Andrea Vannucci, professore a contratto di programmazione, organizzazione e gestione delle aziende sanitarie DISM UNISI
La motivazione dei medici e degli infermieri che lavorano nelle strutture pubbliche è ai minimi storici e il malessere così diffuso e profondo che pensare di andare avanti in queste condizioni è impossibile.
Il 2024 sarà un anno molto difficile per l’economia italiana perché verrà meno il 110 per cento e gli interventi finanziati dal – non saranno ancora pienamente operativi. Senza dimenticare le incertezze sul tasso di inflazione e sulla sostenibilità della nostra finanza pubblica.

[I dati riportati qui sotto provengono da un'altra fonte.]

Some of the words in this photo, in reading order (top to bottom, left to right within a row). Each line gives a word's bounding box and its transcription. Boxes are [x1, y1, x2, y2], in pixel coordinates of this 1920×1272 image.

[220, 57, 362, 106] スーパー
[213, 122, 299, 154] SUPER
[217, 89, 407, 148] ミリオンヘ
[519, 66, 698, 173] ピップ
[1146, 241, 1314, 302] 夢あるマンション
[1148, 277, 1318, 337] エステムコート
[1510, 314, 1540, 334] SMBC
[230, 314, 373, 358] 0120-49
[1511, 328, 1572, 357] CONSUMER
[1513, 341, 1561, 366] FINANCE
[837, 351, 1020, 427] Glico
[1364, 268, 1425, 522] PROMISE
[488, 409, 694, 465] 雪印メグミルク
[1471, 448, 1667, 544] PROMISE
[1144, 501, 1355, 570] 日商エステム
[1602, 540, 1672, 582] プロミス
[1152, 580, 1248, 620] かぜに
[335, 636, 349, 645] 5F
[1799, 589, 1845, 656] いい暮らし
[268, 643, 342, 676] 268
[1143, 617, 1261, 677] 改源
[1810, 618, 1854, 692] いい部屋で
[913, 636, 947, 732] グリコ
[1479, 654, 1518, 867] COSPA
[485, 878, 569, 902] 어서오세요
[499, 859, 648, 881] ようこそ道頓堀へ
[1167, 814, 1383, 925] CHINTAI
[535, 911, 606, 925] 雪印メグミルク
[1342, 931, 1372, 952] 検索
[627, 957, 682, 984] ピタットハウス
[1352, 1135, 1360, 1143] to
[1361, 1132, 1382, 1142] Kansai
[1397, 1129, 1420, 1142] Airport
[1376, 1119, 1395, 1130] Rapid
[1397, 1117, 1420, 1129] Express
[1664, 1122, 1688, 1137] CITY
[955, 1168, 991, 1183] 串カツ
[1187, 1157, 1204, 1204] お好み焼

Davanti a questo scenario, la Nota di Aggiornamento al Documento di Economia e Finanza (NADEF) ha rivisto le previsioni di aprile per il 2024. Il disavanzo tendenziale è passato dal 3,5 al 3,6 per cento. La manovra è passata dallo 0,2 allo 0,7 per cento del PIL. Il disavanzo programmatico è stato aumentato dal 3,7 al 4,3 per cento. Dopo la manovra il PIL viene previsto all’1,2 per cento ma differenti osservatori indipendenti prevedono meno fino a Prometeia che nel suo rapporto di previsione del 29 settembre stima che non possa essere superiore allo 0,4 per cento.
Nella NADEF la spesa sanitaria è prevista in diminuzione: da 134,7 miliardi nel 2023 a 132,9 nel 2024. La sanità pubblica è in grave crisi: tempi di attesa sempre più lunghi, fuga dei medici verso il privato, carenza di infermieri. Per riportare la spesa sanitaria pubblica in rapporto al Pil al livello del 2022 (6,7 per cento) servirebbero nel 2024 oltre 10 miliardi in più.
Per la Regione Toscana è stata stimata come conseguenza il venir meno di 113 milioni e quindi l’aumentata probabilità che il bilancio regionale vada in default e che i servizi si riducano.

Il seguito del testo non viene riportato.